*Work request:* For the records that follow, restate each one word for word and leave the images behind.

*Records for this exercise:*

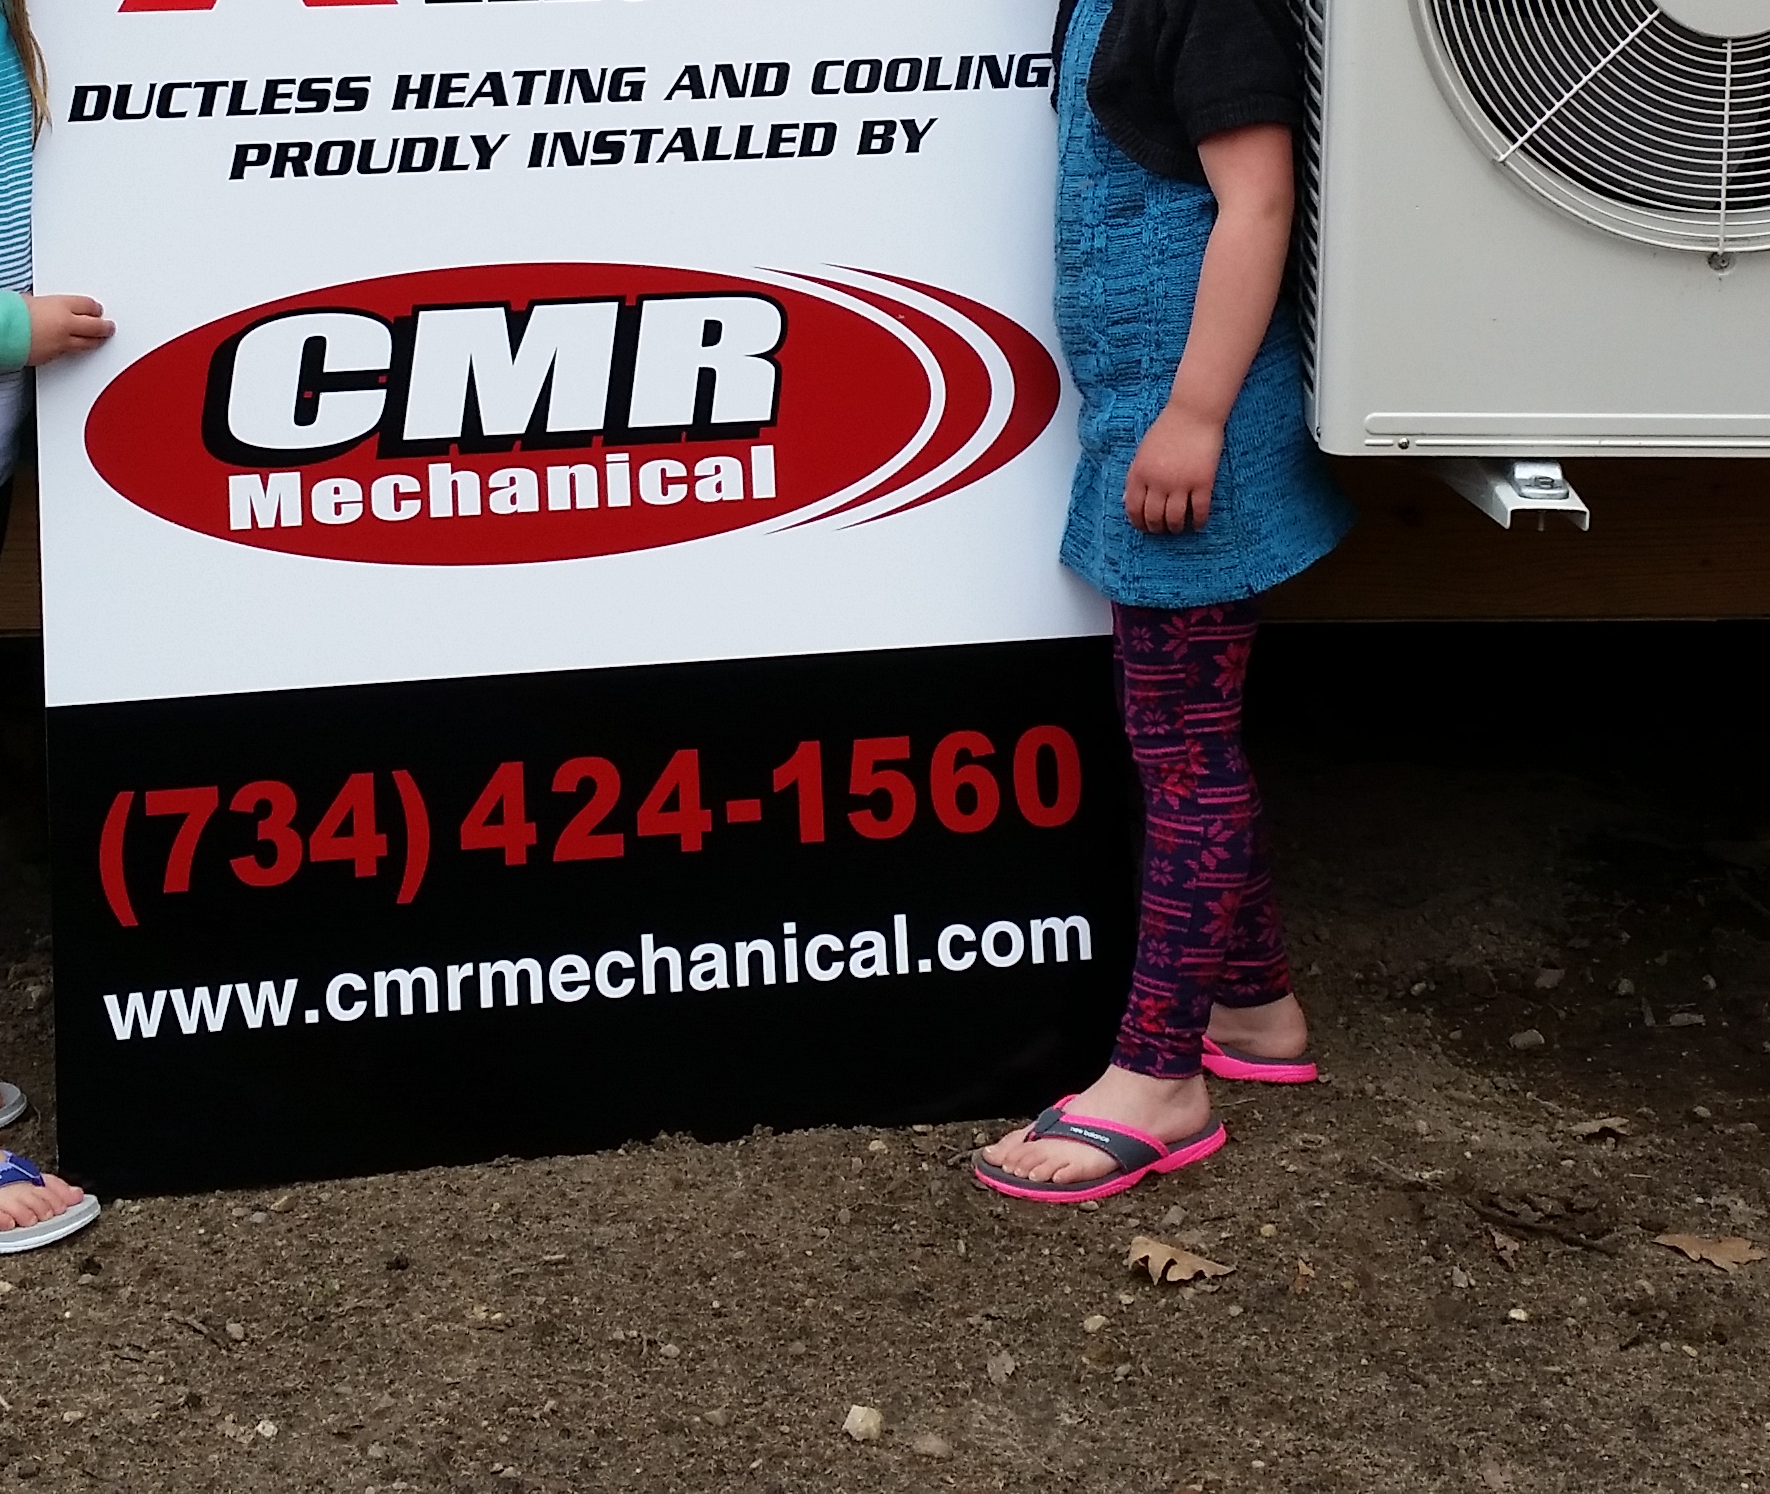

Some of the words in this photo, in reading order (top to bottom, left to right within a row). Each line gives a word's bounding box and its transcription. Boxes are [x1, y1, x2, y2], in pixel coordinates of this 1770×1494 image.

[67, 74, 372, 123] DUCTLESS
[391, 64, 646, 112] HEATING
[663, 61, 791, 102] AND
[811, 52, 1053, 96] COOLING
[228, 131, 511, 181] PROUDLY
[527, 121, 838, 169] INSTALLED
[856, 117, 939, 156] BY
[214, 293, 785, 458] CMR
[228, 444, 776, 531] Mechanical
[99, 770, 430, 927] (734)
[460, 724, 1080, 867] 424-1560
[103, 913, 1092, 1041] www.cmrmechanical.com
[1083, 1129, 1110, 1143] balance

*Problem solution:*
Some of the words in this photo, in reading order (top to bottom, left to right within a row). Each line gives a word's bounding box and its transcription. Boxes are [x1, y1, x2, y2], in pixel coordinates of this 1770×1494 image.

[67, 74, 372, 123] DUCTLESS
[391, 64, 646, 112] HEATING
[663, 61, 791, 102] AND
[811, 52, 1053, 96] COOLING
[228, 131, 511, 181] PROUDLY
[527, 121, 838, 169] INSTALLED
[856, 117, 939, 156] BY
[214, 293, 785, 458] CMR
[228, 444, 776, 531] Mechanical
[99, 770, 430, 927] (734)
[460, 724, 1080, 867] 424-1560
[103, 913, 1092, 1041] www.cmrmechanical.com
[1083, 1129, 1110, 1143] balance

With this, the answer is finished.